Effective prompt examples
The more specific your prompt is about components and their relationships, the better the result:
# Microservices architecture
Create an Excalidraw diagram showing a microservices architecture
with: API Gateway, Auth Service, Users Service, Orders Service,
a RabbitMQ queue between Orders and a Worker, and a PostgreSQL
database per service.
# CI/CD Pipeline
Diagram of my GitLab CI/CD pipeline:
commit → Docker build → unit tests → Trivy scan →
deploy staging → e2e tests → deploy prod (with Argo CD)
# Kubernetes infra
Diagram of my K8s cluster:
3 nodes, an NGINX Ingress, 2 namespaces (staging/prod),
each with application pods and a ClusterIP service
Retrieving and using the file
Claude Code displays the generated file path in its response. From there:
# Open directly
xdg-open /tmp/architecture.png
# Copy to your project
cp /tmp/architecture.png ./docs/diagrams/
# Or embed in a README
# 
Integration with a local Excalidraw instance
If you self-host your own Excalidraw instance (on a homelab, for example), two approaches let you combine automatic generation with manual editing.
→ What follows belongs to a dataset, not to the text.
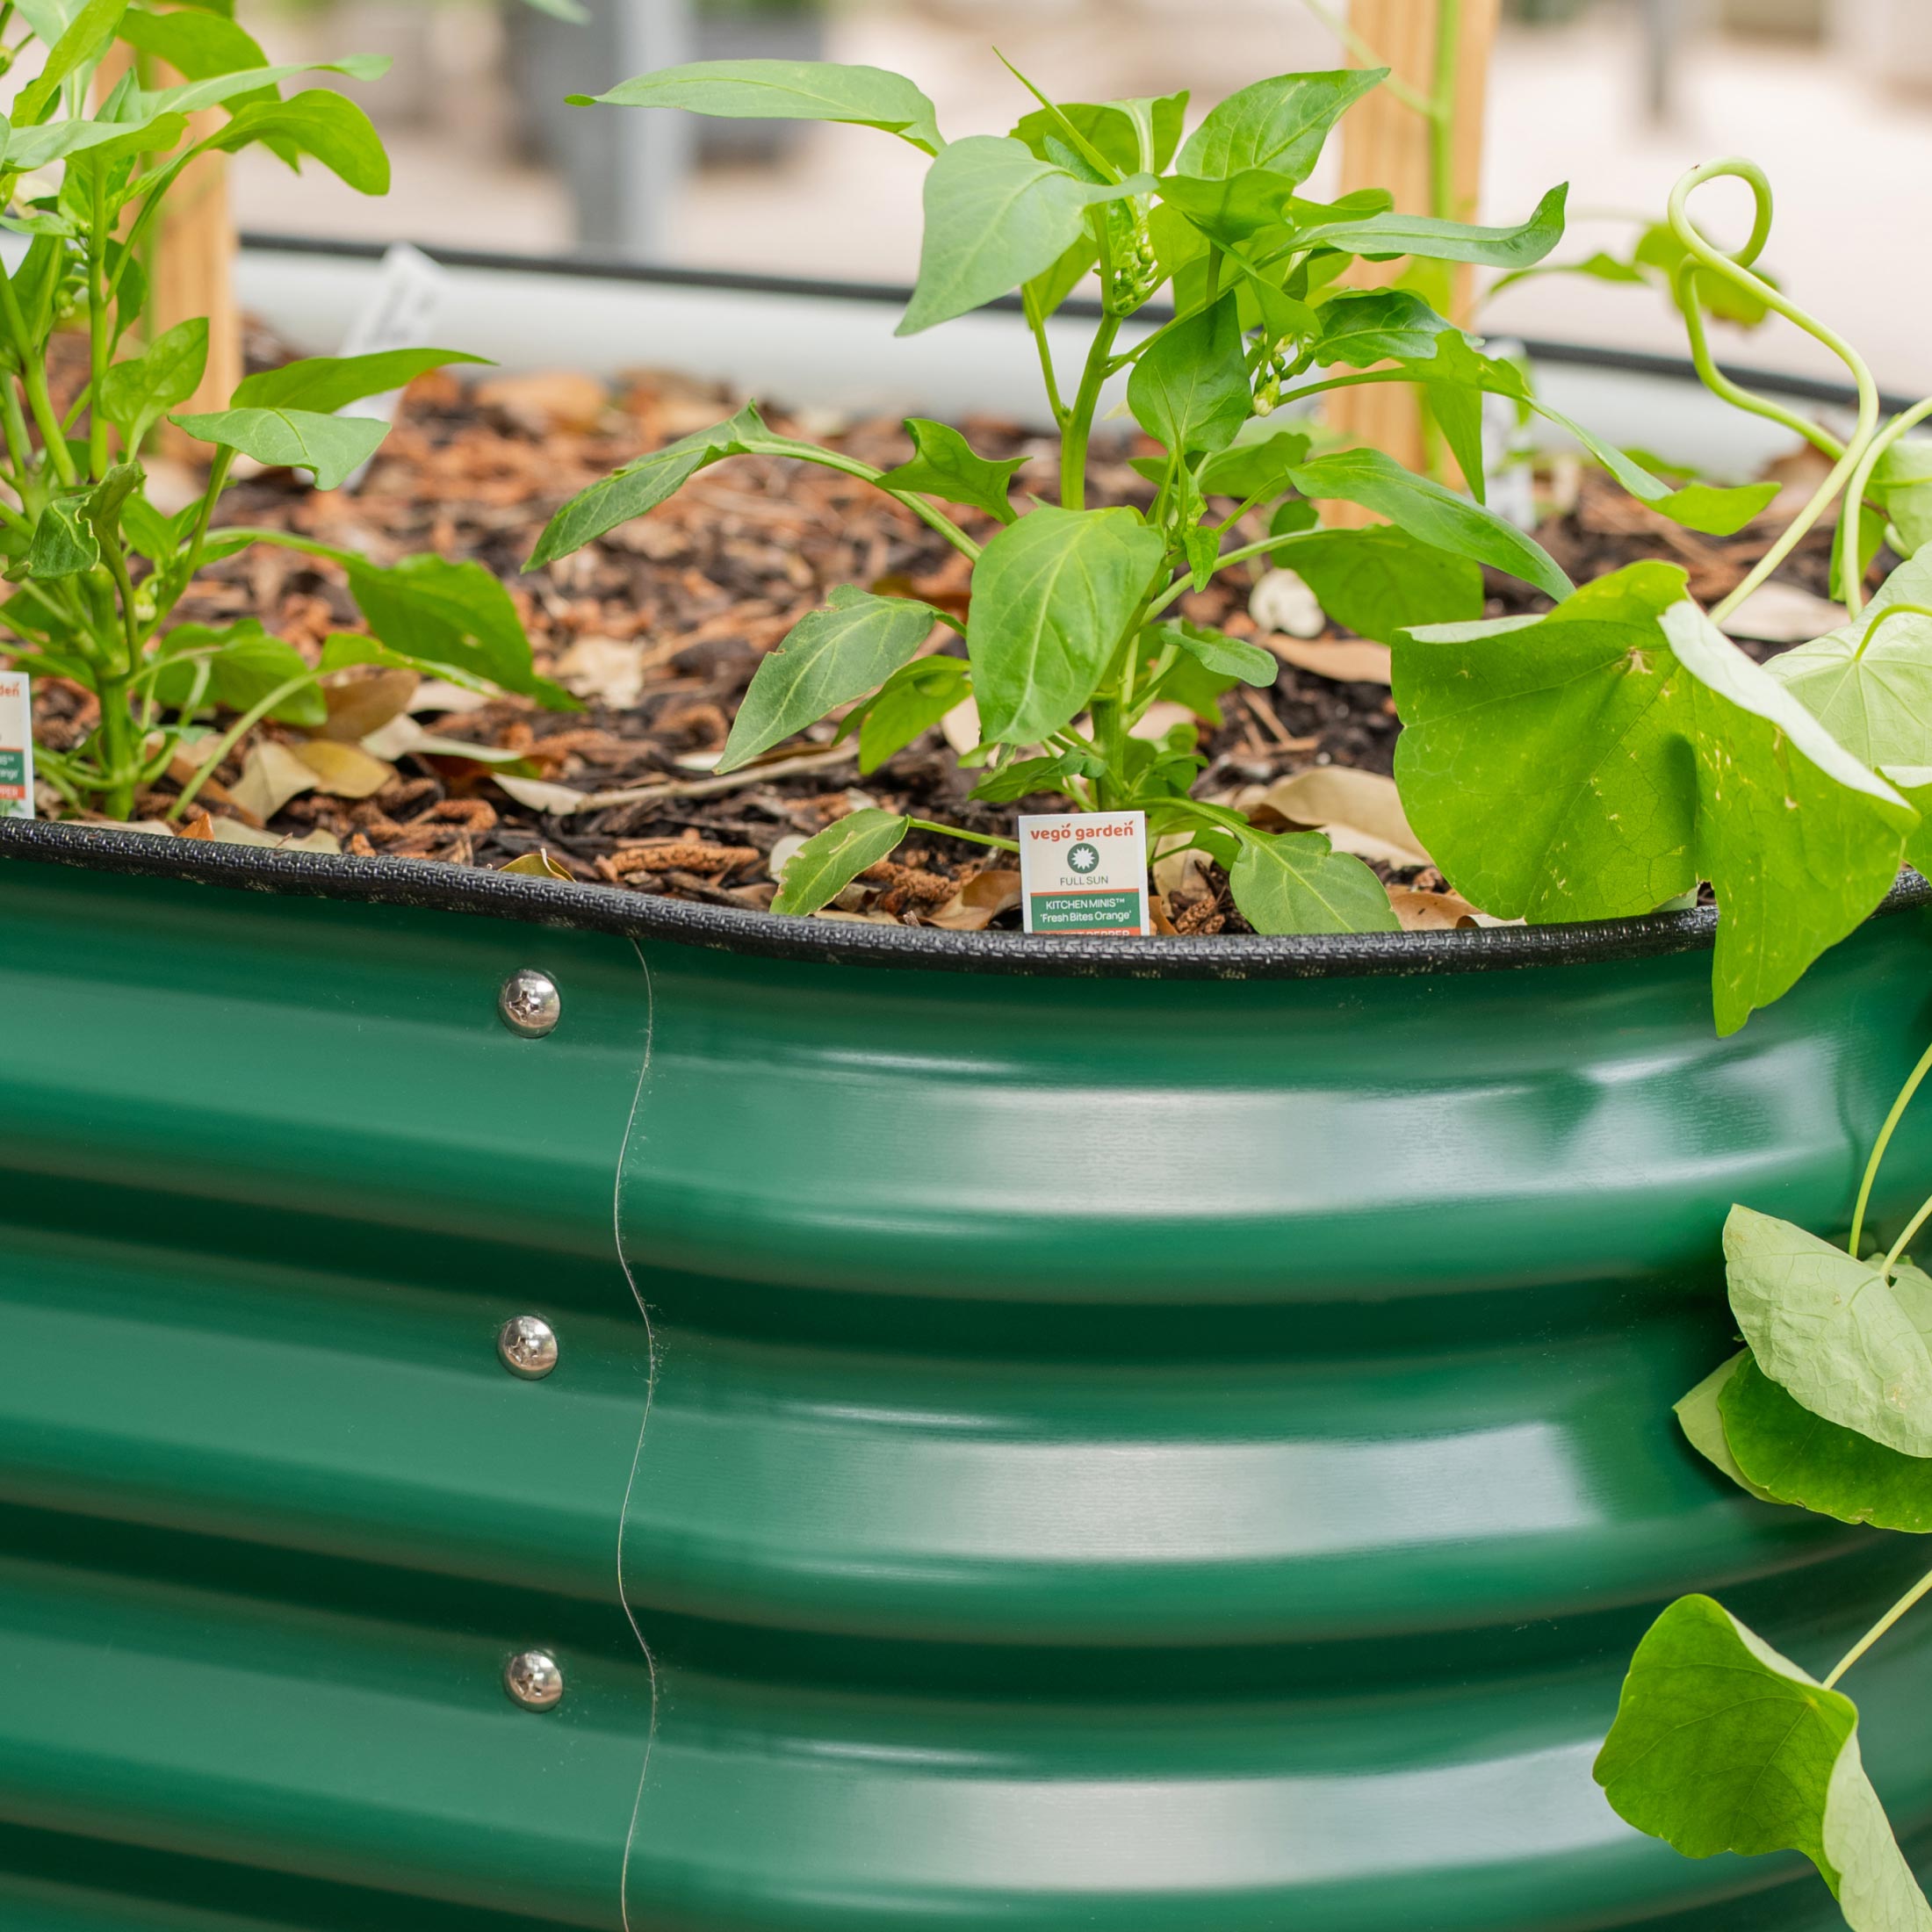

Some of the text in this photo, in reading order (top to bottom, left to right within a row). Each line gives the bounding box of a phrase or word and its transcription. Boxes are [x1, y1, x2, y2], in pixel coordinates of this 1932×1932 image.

[1076, 821, 1134, 841] garden
[1060, 876, 1109, 886] FULL SUN
[1046, 900, 1088, 910] KITCHEN
[1070, 912, 1093, 921] Bites
Approach 1 — JSON round-trip
Ask Claude Code to generate the raw JSON instead of PNG:
Generate the Excalidraw JSON (not PNG) for a diagram of...
Then import the JSON into your instance via the Open menu. From there you can adjust positions, add annotations, tweak the style — everything Excalidraw does best.
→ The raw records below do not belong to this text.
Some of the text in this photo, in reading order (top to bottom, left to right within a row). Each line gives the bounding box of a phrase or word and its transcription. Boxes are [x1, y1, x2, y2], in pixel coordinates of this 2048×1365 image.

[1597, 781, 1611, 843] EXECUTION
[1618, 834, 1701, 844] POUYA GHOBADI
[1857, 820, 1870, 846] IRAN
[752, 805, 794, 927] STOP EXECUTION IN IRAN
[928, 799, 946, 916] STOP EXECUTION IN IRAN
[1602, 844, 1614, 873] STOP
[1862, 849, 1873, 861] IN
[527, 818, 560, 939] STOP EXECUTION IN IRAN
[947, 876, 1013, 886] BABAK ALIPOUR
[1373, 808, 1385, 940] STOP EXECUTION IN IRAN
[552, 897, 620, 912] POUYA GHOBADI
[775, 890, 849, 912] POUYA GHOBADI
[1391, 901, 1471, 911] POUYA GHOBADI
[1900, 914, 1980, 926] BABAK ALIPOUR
Approach 2 — Live canvas with mcp_excalidraw
For a bidirectional workflow between Claude Code and a live canvas, add the mcp_excalidraw server by yctimlin alongside:
# Launch the canvas
docker run -d -p 3000:3000 --name excalidraw-canvas \
ghcr.io/yctimlin/mcp_excalidraw-canvas:latest
# Add the second MCP server
claude mcp add --scope user --transport stdio excalidraw-live -- \
docker run -i --rm \
-e EXPRESS_SERVER_URL=http://host.docker.internal:3000 \
-e ENABLE_CANVAS_SYNC=true \
ghcr.io/yctimlin/mcp_excalidraw:latest
You’ll then have two complementary MCP servers:
- excalidraw → fast PNG/SVG generation (one-shot)
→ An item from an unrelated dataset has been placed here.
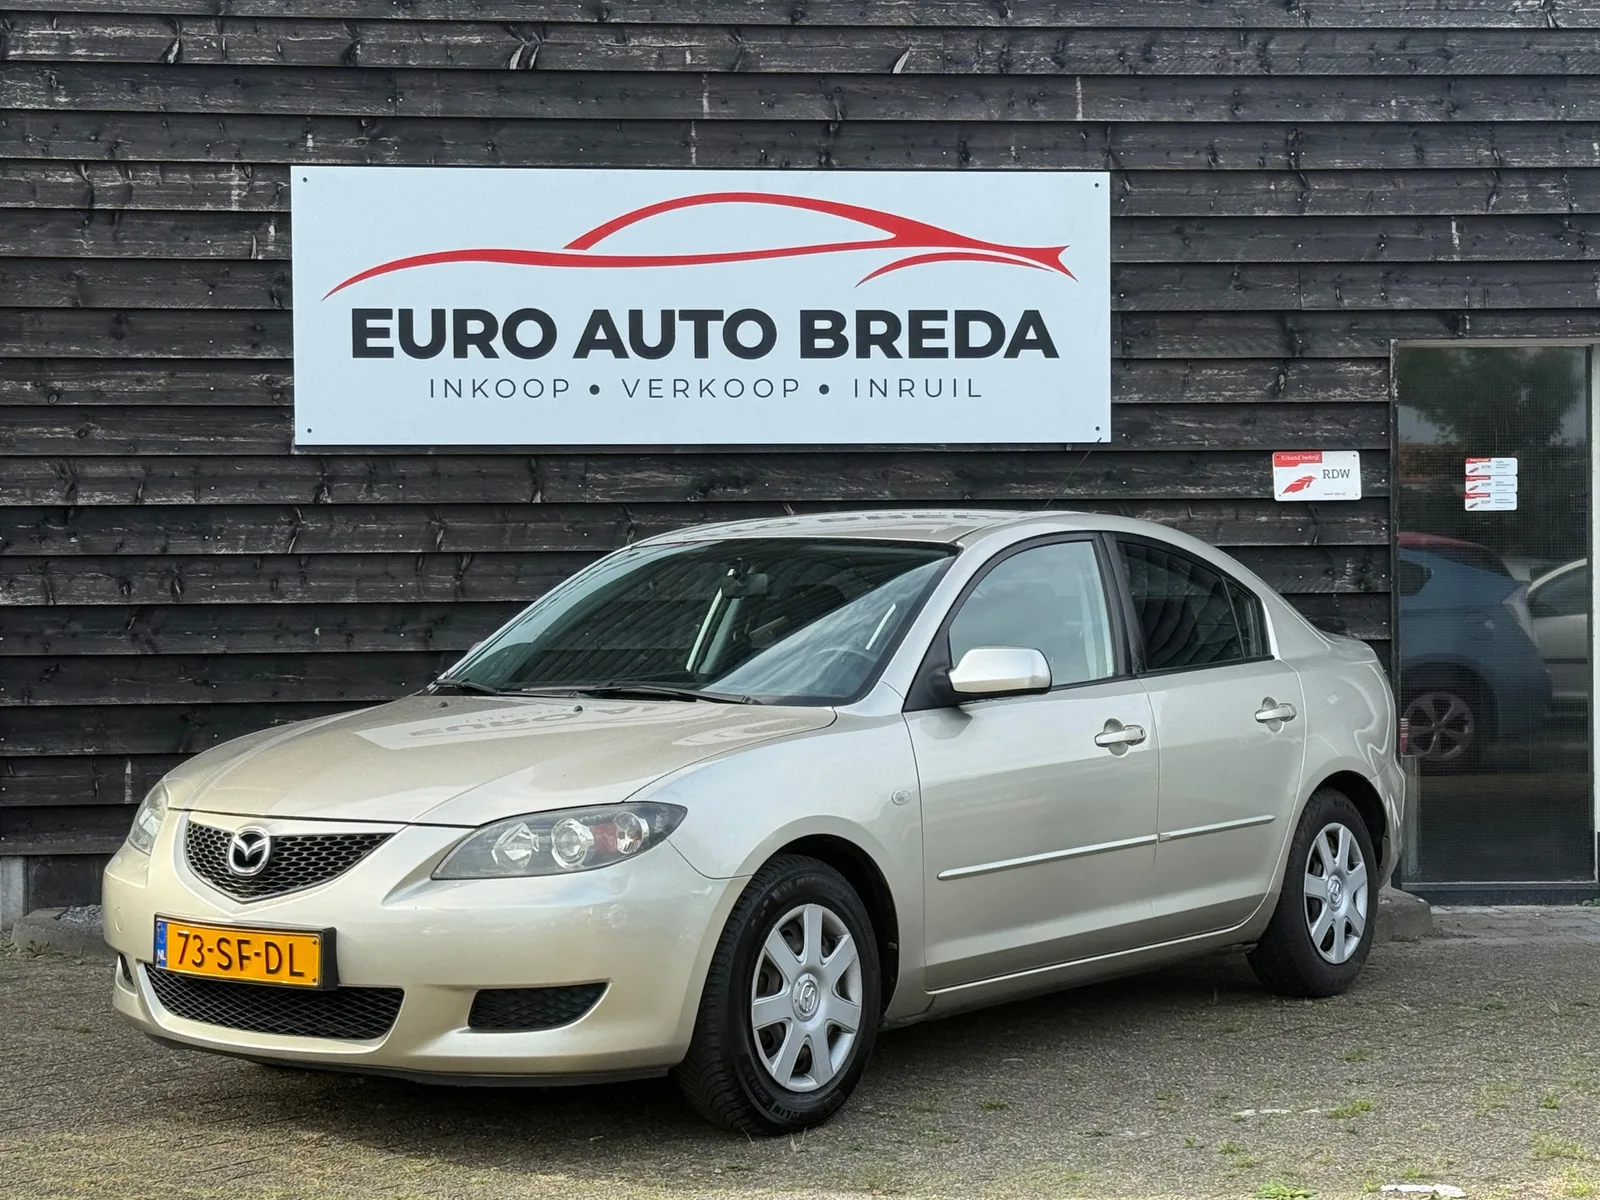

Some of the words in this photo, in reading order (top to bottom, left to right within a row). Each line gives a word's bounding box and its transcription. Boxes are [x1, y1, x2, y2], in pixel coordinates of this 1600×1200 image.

- excalidraw-live → CRUD operations on a live canvas (iterative)
Troubleshooting
| Issue | Likely cause | Fix |
|---|---|---|
| First render very slow (>10s) | Chromium + CDN download | Normal on first call, ~60ms after |
| ”browser not found” error | Playwright without Chromium | npx playwright install chromium |
| Mispositioned elements | Incorrect x/y coordinates | Ask Claude to recalculate the layout |
| Truncated text in shapes | Width too small for the text | Increase element width |
| MCP server not detected | Wrong scope or transport | Check with claude mcp list |
| File not generated | Output path not writable | Check target directory permissions |
To diagnose issues:
# Test the MCP server manually
npx -y excalidraw-render
# Inspect exposed tools with the MCP inspector
npx @modelcontextprotocol/inspector -- npx -y excalidraw-render
Conclusion
With a single command, you connect Claude Code to an Excalidraw rendering engine. No more switching between the terminal and a drawing tool: you describe, Claude draws. The first render takes a few seconds (while Chromium spins up), subsequent ones are near-instant.
It’s a great example of what the MCP protocol enables: extending AI capabilities without sacrificing simplicity. And if the result isn’t quite right, you can always grab the JSON and refine it in your Excalidraw instance.